● **PROVIDED MATERIAL**
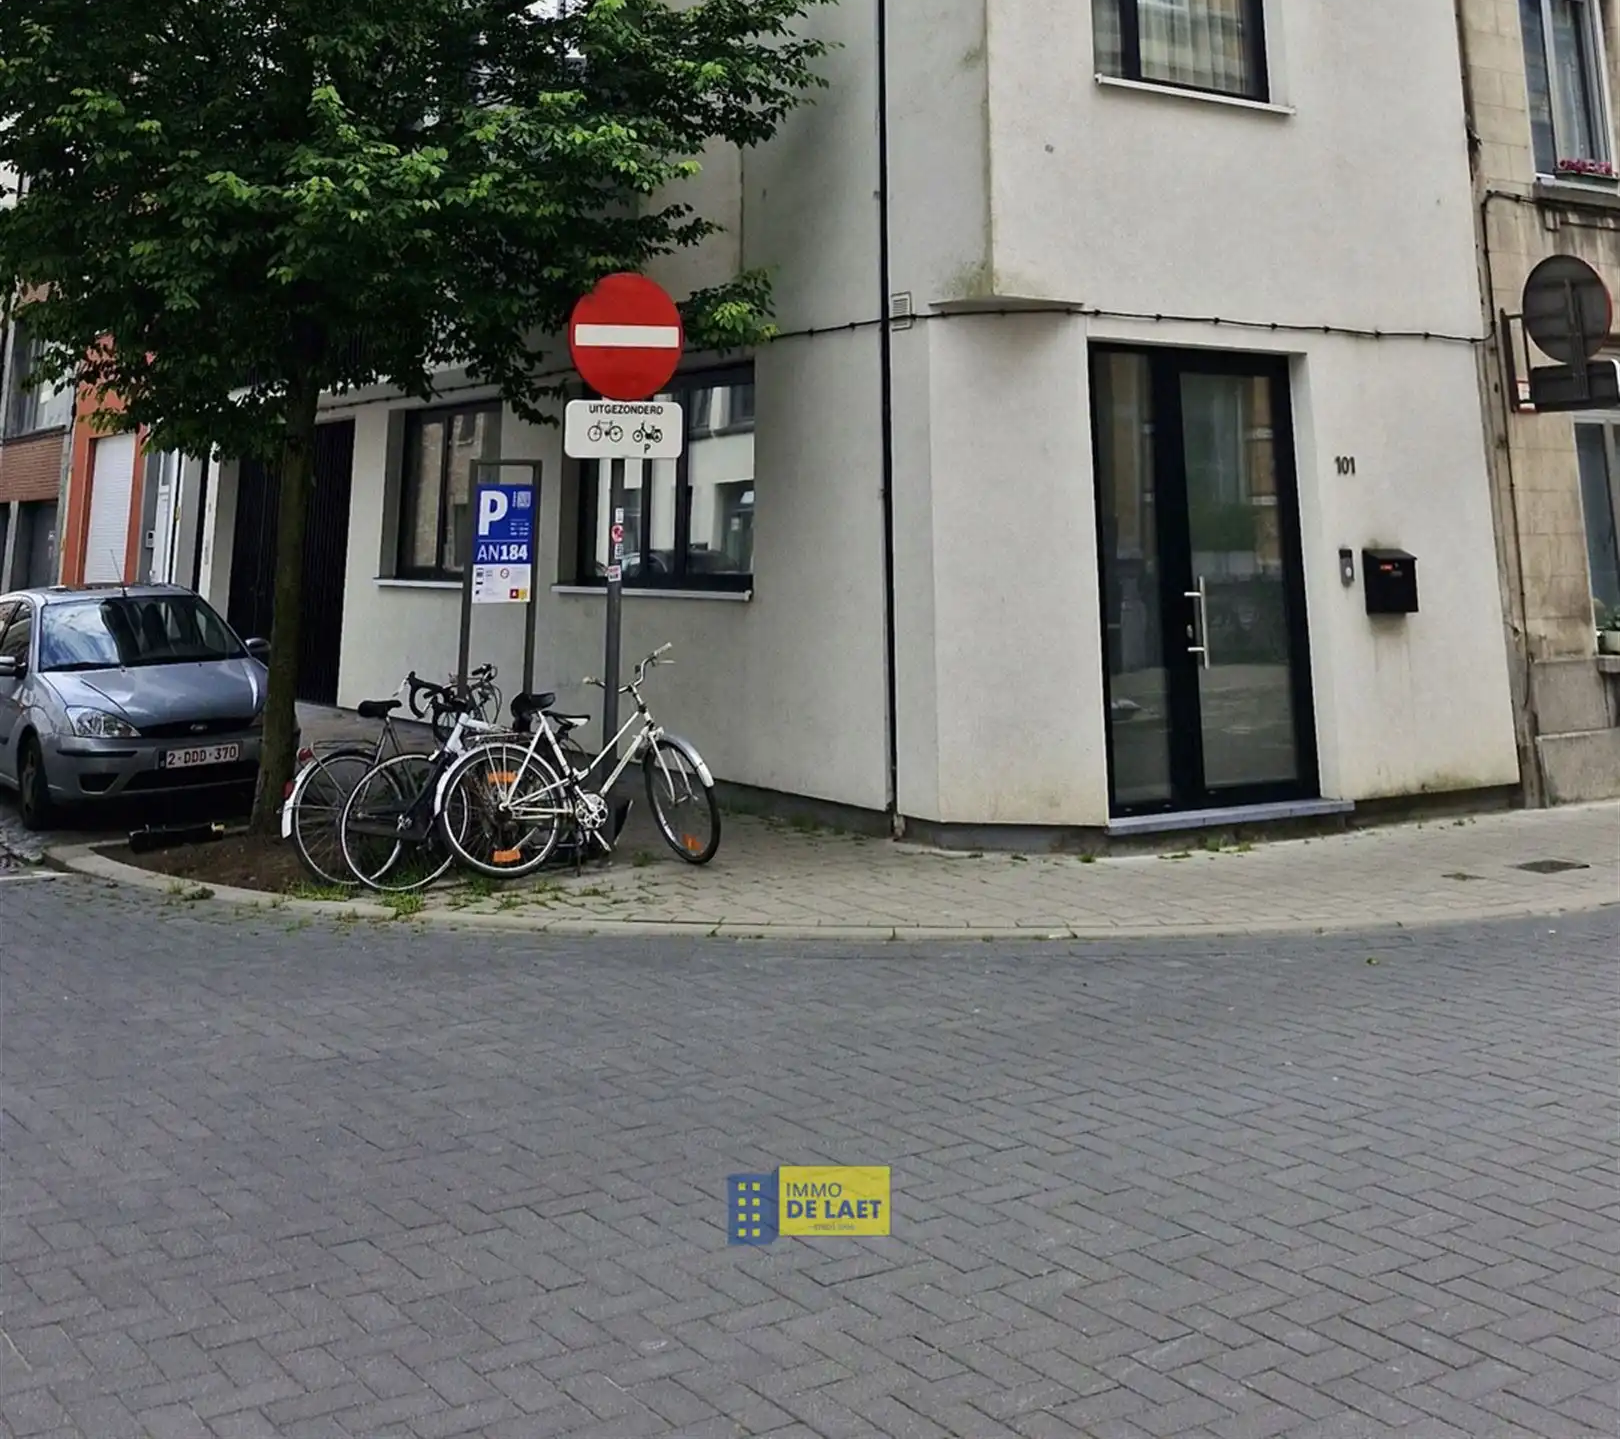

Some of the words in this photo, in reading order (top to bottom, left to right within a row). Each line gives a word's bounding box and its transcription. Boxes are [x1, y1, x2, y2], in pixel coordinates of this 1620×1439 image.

[588, 404, 664, 415] UITGEZONDERD
[644, 443, 651, 454] P
[1335, 456, 1356, 475] 101
[478, 490, 509, 536] P
[477, 544, 528, 561] AN184
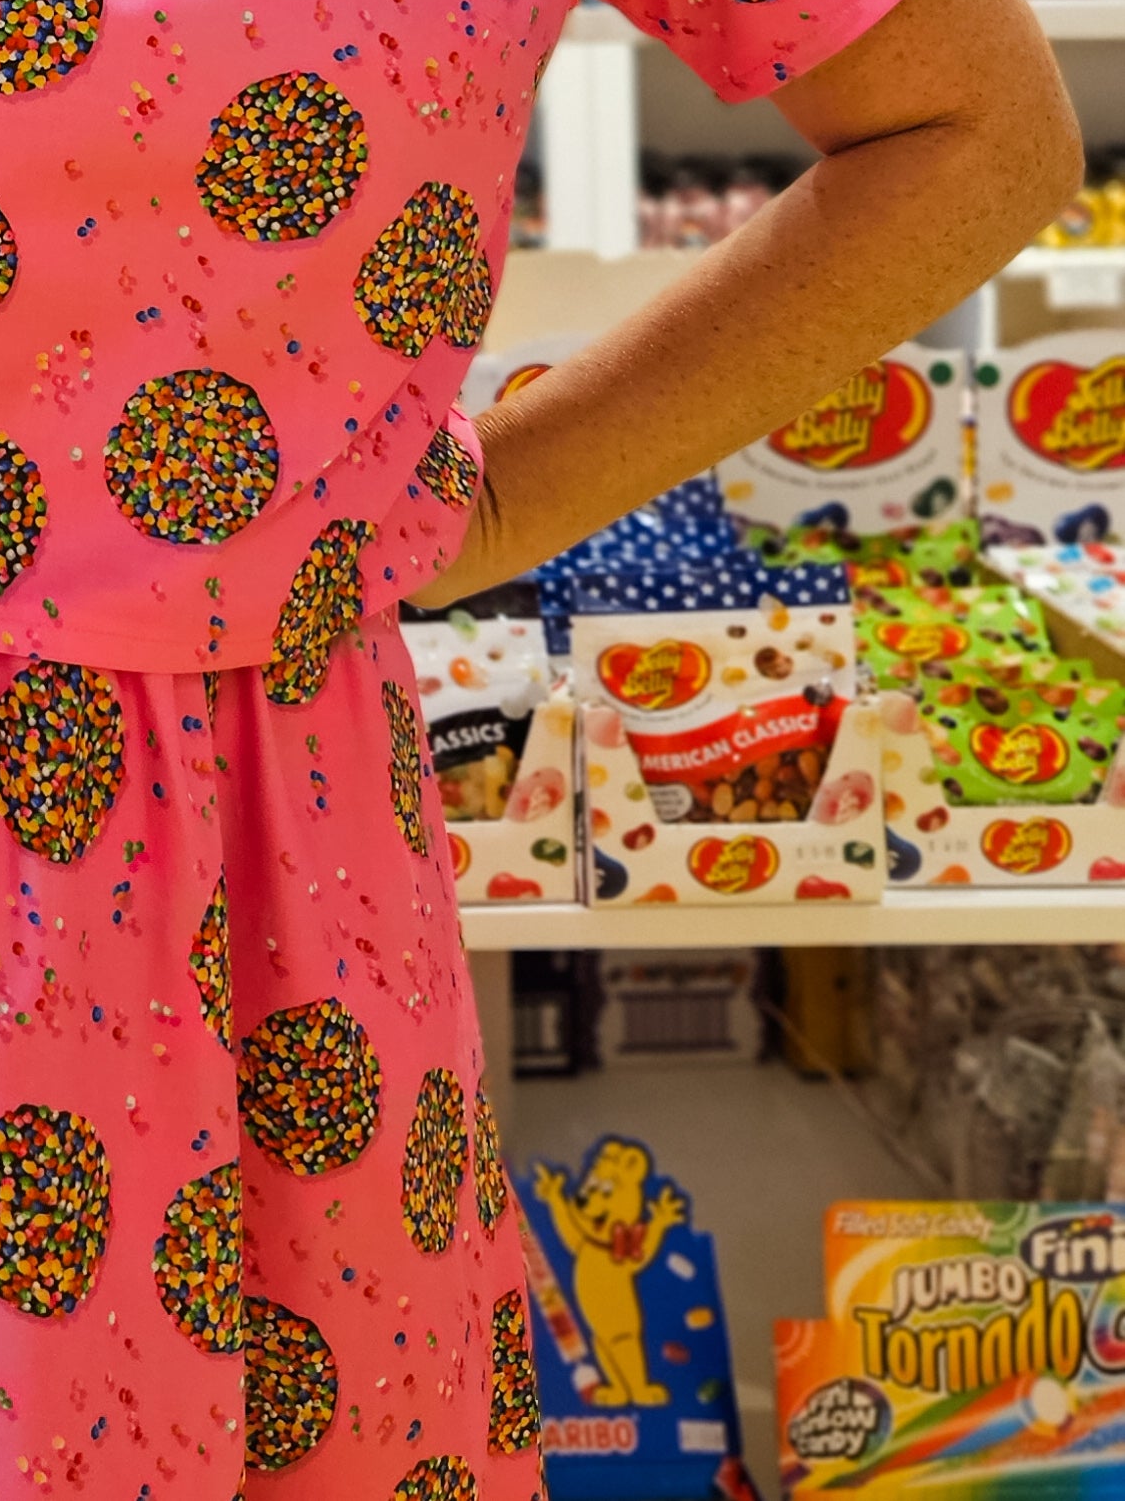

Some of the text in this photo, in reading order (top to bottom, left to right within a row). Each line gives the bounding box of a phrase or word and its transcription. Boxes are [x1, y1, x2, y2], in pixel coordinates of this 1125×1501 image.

[635, 639, 685, 676] Jelly
[621, 670, 676, 709] Belly
[433, 723, 506, 754] ASSICS
[641, 711, 818, 771] MERICAN CLASSICS
[720, 834, 757, 865] Jelly
[1012, 816, 1049, 847] Jelly
[704, 861, 751, 894] Belly
[998, 843, 1043, 875] Belly
[1030, 1223, 1125, 1276] Fini
[894, 1259, 1024, 1321] JUMBO
[855, 1278, 1083, 1391] Tornado
[544, 1417, 637, 1454] ARIBO
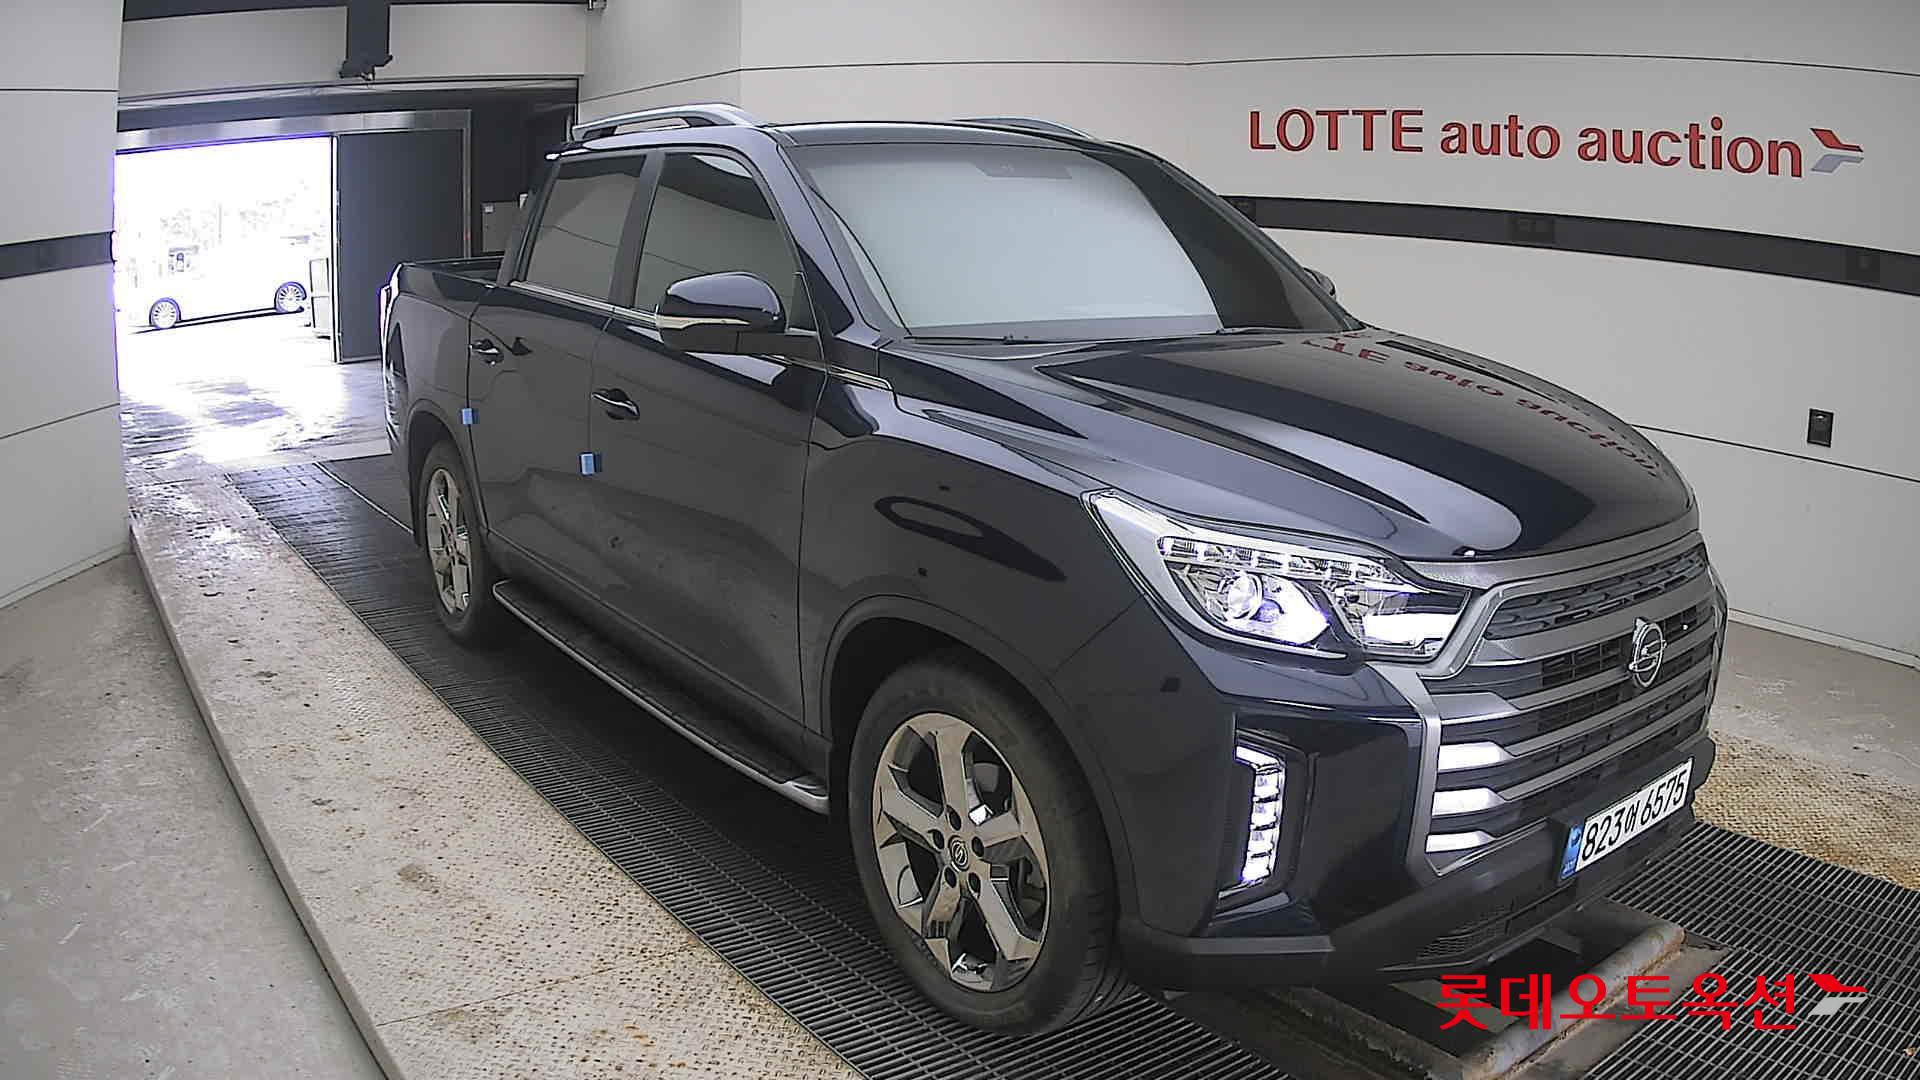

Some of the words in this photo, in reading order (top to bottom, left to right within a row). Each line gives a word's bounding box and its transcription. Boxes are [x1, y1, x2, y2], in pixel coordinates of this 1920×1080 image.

[1248, 108, 1425, 153] LOTTE
[1440, 115, 1562, 159] auto
[1577, 116, 1803, 178] auction
[1641, 769, 1687, 826] 6575

● **WORK TO COMPLETE**
Your task is to transcribe all of the records precisely, with no images included.

● **ANSWER FOR THE TASK**
Some of the words in this photo, in reading order (top to bottom, left to right within a row). Each line gives a word's bounding box and its transcription. Boxes are [x1, y1, x2, y2], in pixel coordinates of this 1620×1439 image.

[588, 404, 664, 415] UITGEZONDERD
[644, 443, 651, 454] P
[1335, 456, 1356, 475] 101
[478, 490, 509, 536] P
[477, 544, 528, 561] AN184

Some of the text in this photo, in reading order (top to bottom, left to right within a row). Each line gives the bounding box of a phrase or word and its transcription. Boxes are [x1, y1, x2, y2], in pixel coordinates of this 1125×1501 image.

[635, 639, 685, 676] Jelly
[621, 670, 676, 709] Belly
[433, 723, 506, 754] ASSICS
[641, 711, 818, 771] MERICAN CLASSICS
[720, 834, 757, 865] Jelly
[1012, 816, 1049, 847] Jelly
[704, 861, 751, 894] Belly
[998, 843, 1043, 875] Belly
[1030, 1223, 1125, 1276] Fini
[894, 1259, 1024, 1321] JUMBO
[855, 1278, 1083, 1391] Tornado
[544, 1417, 637, 1454] ARIBO

Some of the words in this photo, in reading order (top to bottom, left to right within a row). Each line gives a word's bounding box and its transcription. Boxes are [x1, y1, x2, y2], in pixel coordinates of this 1920×1080 image.

[1248, 108, 1425, 153] LOTTE
[1440, 115, 1562, 159] auto
[1577, 116, 1803, 178] auction
[1641, 769, 1687, 826] 6575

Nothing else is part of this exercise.